■ Problem to solve
The exercise calls for every entry that follows to be repeated exactly.

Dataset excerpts

====================

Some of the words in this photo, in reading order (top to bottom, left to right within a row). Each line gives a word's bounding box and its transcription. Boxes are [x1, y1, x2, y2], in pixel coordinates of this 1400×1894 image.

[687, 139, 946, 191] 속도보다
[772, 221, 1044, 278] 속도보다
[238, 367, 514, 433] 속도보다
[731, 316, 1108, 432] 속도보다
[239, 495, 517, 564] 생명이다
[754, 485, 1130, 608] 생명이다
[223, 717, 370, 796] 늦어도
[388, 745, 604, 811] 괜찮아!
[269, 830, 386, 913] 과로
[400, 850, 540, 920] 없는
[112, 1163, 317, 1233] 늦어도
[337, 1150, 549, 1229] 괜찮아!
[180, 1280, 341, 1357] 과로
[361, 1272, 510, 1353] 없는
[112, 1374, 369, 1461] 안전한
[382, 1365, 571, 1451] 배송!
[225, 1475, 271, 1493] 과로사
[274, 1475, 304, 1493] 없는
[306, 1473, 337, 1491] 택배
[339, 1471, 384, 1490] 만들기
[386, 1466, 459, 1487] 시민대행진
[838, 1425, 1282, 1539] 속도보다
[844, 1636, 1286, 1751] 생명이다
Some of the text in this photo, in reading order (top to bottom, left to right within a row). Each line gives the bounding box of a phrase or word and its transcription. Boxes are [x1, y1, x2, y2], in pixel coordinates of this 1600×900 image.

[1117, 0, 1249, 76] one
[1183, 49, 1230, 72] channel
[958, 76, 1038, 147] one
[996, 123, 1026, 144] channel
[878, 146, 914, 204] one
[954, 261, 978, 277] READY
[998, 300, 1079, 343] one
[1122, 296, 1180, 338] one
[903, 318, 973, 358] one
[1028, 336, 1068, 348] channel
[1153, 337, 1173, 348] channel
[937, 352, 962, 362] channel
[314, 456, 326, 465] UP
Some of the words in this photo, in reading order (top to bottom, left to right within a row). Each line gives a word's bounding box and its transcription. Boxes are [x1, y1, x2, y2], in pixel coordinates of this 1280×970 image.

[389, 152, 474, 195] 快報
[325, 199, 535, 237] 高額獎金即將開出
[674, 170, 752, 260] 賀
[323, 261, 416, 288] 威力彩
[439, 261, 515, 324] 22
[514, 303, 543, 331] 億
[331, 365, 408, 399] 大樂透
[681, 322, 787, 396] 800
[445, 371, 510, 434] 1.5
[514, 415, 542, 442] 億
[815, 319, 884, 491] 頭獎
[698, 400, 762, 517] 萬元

====================

■ Answer to this task
Some of the words in this photo, in reading order (top to bottom, left to right within a row). Each line gives a word's bounding box and its transcription. Boxes are [x1, y1, x2, y2], in pixel coordinates of this 1400×1894 image.

[687, 139, 946, 191] 속도보다
[772, 221, 1044, 278] 속도보다
[238, 367, 514, 433] 속도보다
[731, 316, 1108, 432] 속도보다
[239, 495, 517, 564] 생명이다
[754, 485, 1130, 608] 생명이다
[223, 717, 370, 796] 늦어도
[388, 745, 604, 811] 괜찮아!
[269, 830, 386, 913] 과로
[400, 850, 540, 920] 없는
[112, 1163, 317, 1233] 늦어도
[337, 1150, 549, 1229] 괜찮아!
[180, 1280, 341, 1357] 과로
[361, 1272, 510, 1353] 없는
[112, 1374, 369, 1461] 안전한
[382, 1365, 571, 1451] 배송!
[225, 1475, 271, 1493] 과로사
[274, 1475, 304, 1493] 없는
[306, 1473, 337, 1491] 택배
[339, 1471, 384, 1490] 만들기
[386, 1466, 459, 1487] 시민대행진
[838, 1425, 1282, 1539] 속도보다
[844, 1636, 1286, 1751] 생명이다
Some of the text in this photo, in reading order (top to bottom, left to right within a row). Each line gives the bounding box of a phrase or word and its transcription. Boxes are [x1, y1, x2, y2], in pixel coordinates of this 1600×900 image.

[1117, 0, 1249, 76] one
[1183, 49, 1230, 72] channel
[958, 76, 1038, 147] one
[996, 123, 1026, 144] channel
[878, 146, 914, 204] one
[954, 261, 978, 277] READY
[998, 300, 1079, 343] one
[1122, 296, 1180, 338] one
[903, 318, 973, 358] one
[1028, 336, 1068, 348] channel
[1153, 337, 1173, 348] channel
[937, 352, 962, 362] channel
[314, 456, 326, 465] UP
Some of the words in this photo, in reading order (top to bottom, left to right within a row). Each line gives a word's bounding box and its transcription. Boxes are [x1, y1, x2, y2], in pixel coordinates of this 1280×970 image.

[389, 152, 474, 195] 快報
[325, 199, 535, 237] 高額獎金即將開出
[674, 170, 752, 260] 賀
[323, 261, 416, 288] 威力彩
[439, 261, 515, 324] 22
[514, 303, 543, 331] 億
[331, 365, 408, 399] 大樂透
[681, 322, 787, 396] 800
[445, 371, 510, 434] 1.5
[514, 415, 542, 442] 億
[815, 319, 884, 491] 頭獎
[698, 400, 762, 517] 萬元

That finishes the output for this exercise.